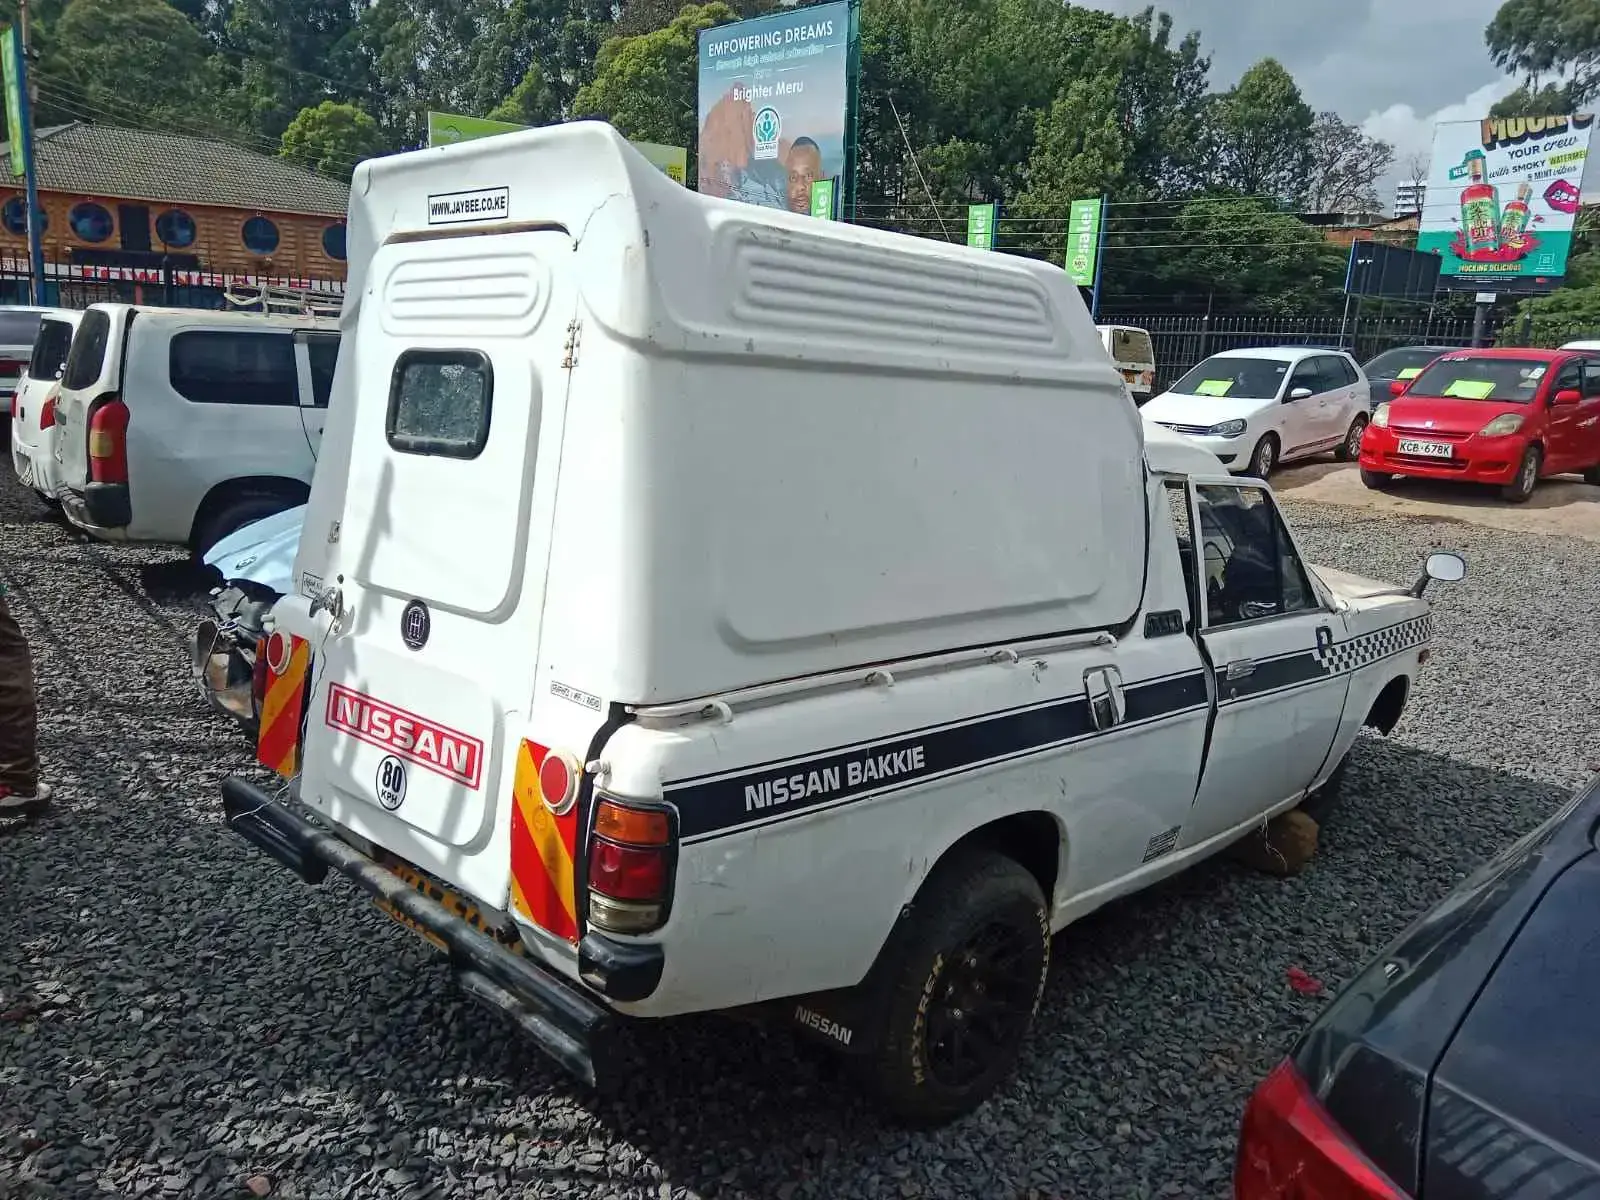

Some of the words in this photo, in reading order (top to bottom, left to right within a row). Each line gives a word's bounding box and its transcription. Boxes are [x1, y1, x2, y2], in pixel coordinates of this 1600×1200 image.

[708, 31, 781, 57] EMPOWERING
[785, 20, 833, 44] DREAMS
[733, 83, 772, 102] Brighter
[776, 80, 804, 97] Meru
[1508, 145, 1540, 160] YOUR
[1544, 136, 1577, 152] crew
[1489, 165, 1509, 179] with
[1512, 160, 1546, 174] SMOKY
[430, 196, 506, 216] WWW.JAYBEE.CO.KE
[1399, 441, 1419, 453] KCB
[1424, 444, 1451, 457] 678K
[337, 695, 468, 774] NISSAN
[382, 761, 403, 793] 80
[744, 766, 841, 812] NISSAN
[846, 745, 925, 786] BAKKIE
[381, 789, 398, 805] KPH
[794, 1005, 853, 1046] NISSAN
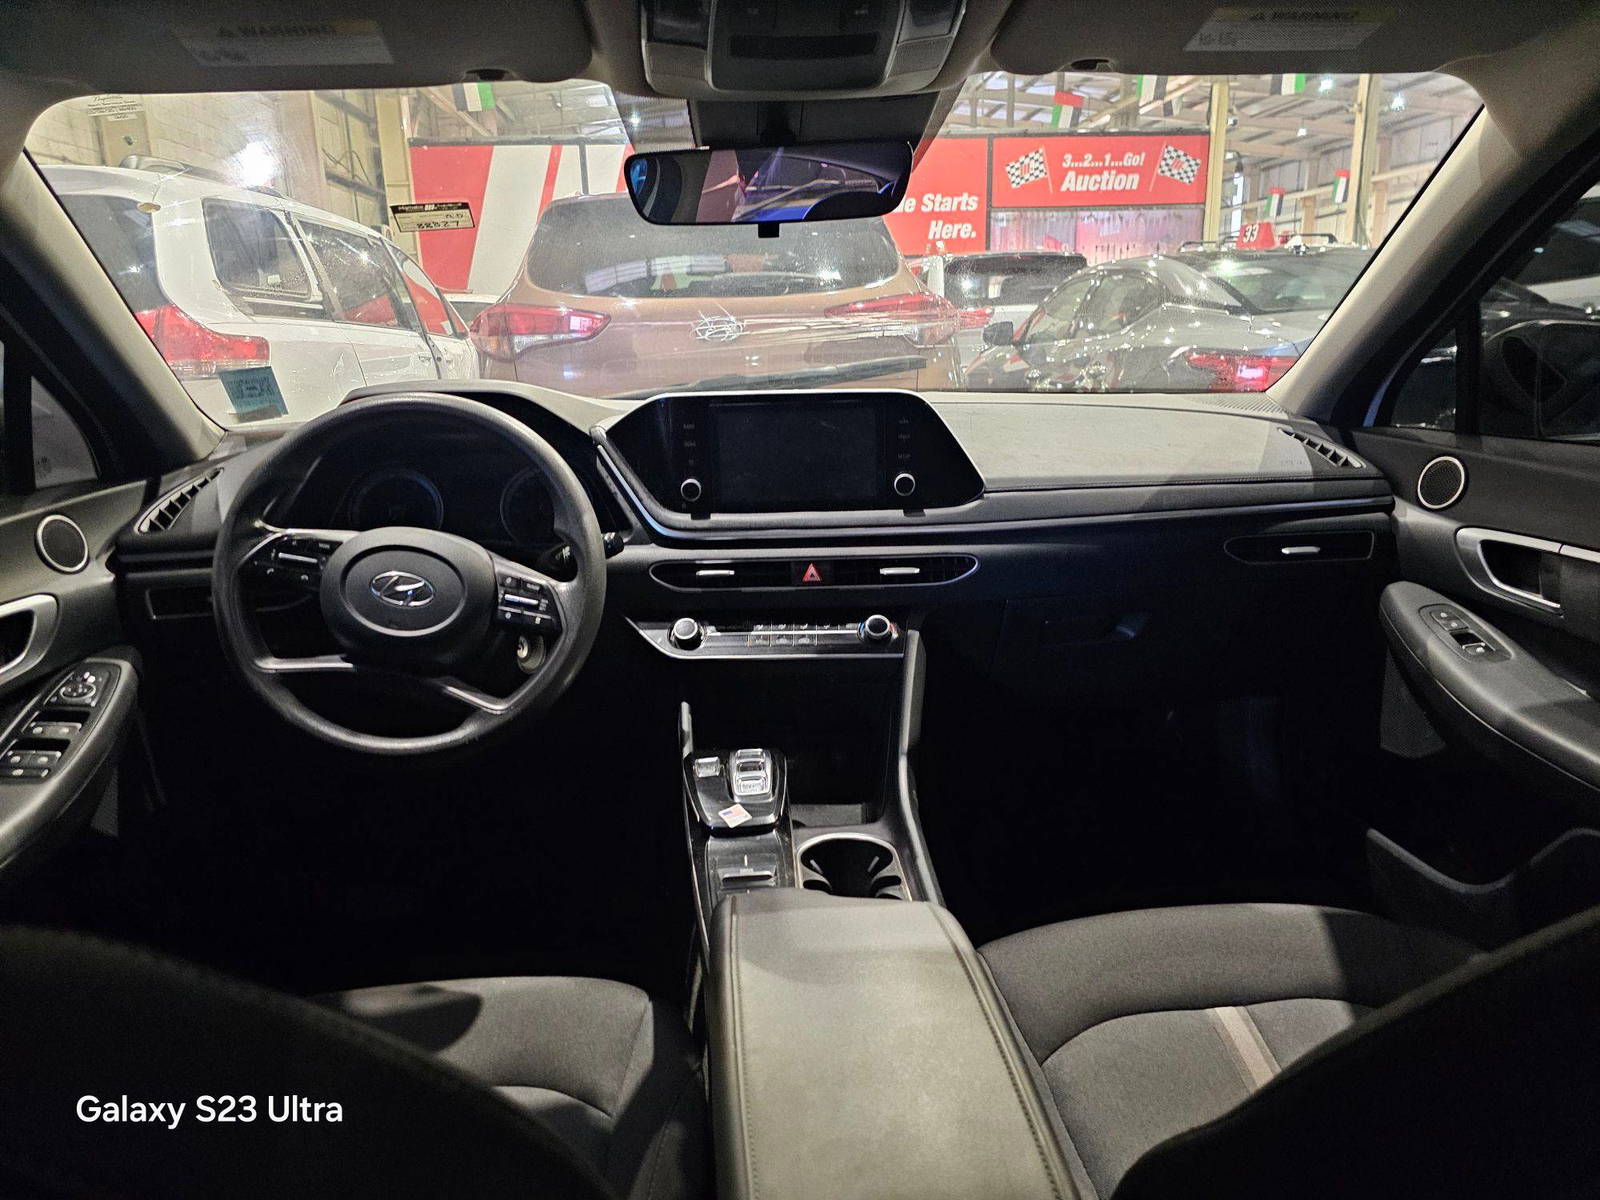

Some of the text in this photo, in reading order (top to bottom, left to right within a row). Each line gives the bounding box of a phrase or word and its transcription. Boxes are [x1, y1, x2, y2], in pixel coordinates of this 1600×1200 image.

● Directions
An exact transcription of the listing is required, and it must contain no pictures.

● Reply to the task
Some of the words in this photo, in reading order (top to bottom, left to right within a row). Each line gives a word's bounding box and its transcription. Boxes are [x1, y1, x2, y2], in pixel coordinates of this 1600×1200 image.

[708, 31, 781, 57] EMPOWERING
[785, 20, 833, 44] DREAMS
[733, 83, 772, 102] Brighter
[776, 80, 804, 97] Meru
[1508, 145, 1540, 160] YOUR
[1544, 136, 1577, 152] crew
[1489, 165, 1509, 179] with
[1512, 160, 1546, 174] SMOKY
[430, 196, 506, 216] WWW.JAYBEE.CO.KE
[1399, 441, 1419, 453] KCB
[1424, 444, 1451, 457] 678K
[337, 695, 468, 774] NISSAN
[382, 761, 403, 793] 80
[744, 766, 841, 812] NISSAN
[846, 745, 925, 786] BAKKIE
[381, 789, 398, 805] KPH
[794, 1005, 853, 1046] NISSAN

Some of the text in this photo, in reading order (top to bottom, left to right within a row). Each line gives the bounding box of a phrase or word and its transcription. Boxes are [x1, y1, x2, y2], in pixel coordinates of this 1600×1200 image.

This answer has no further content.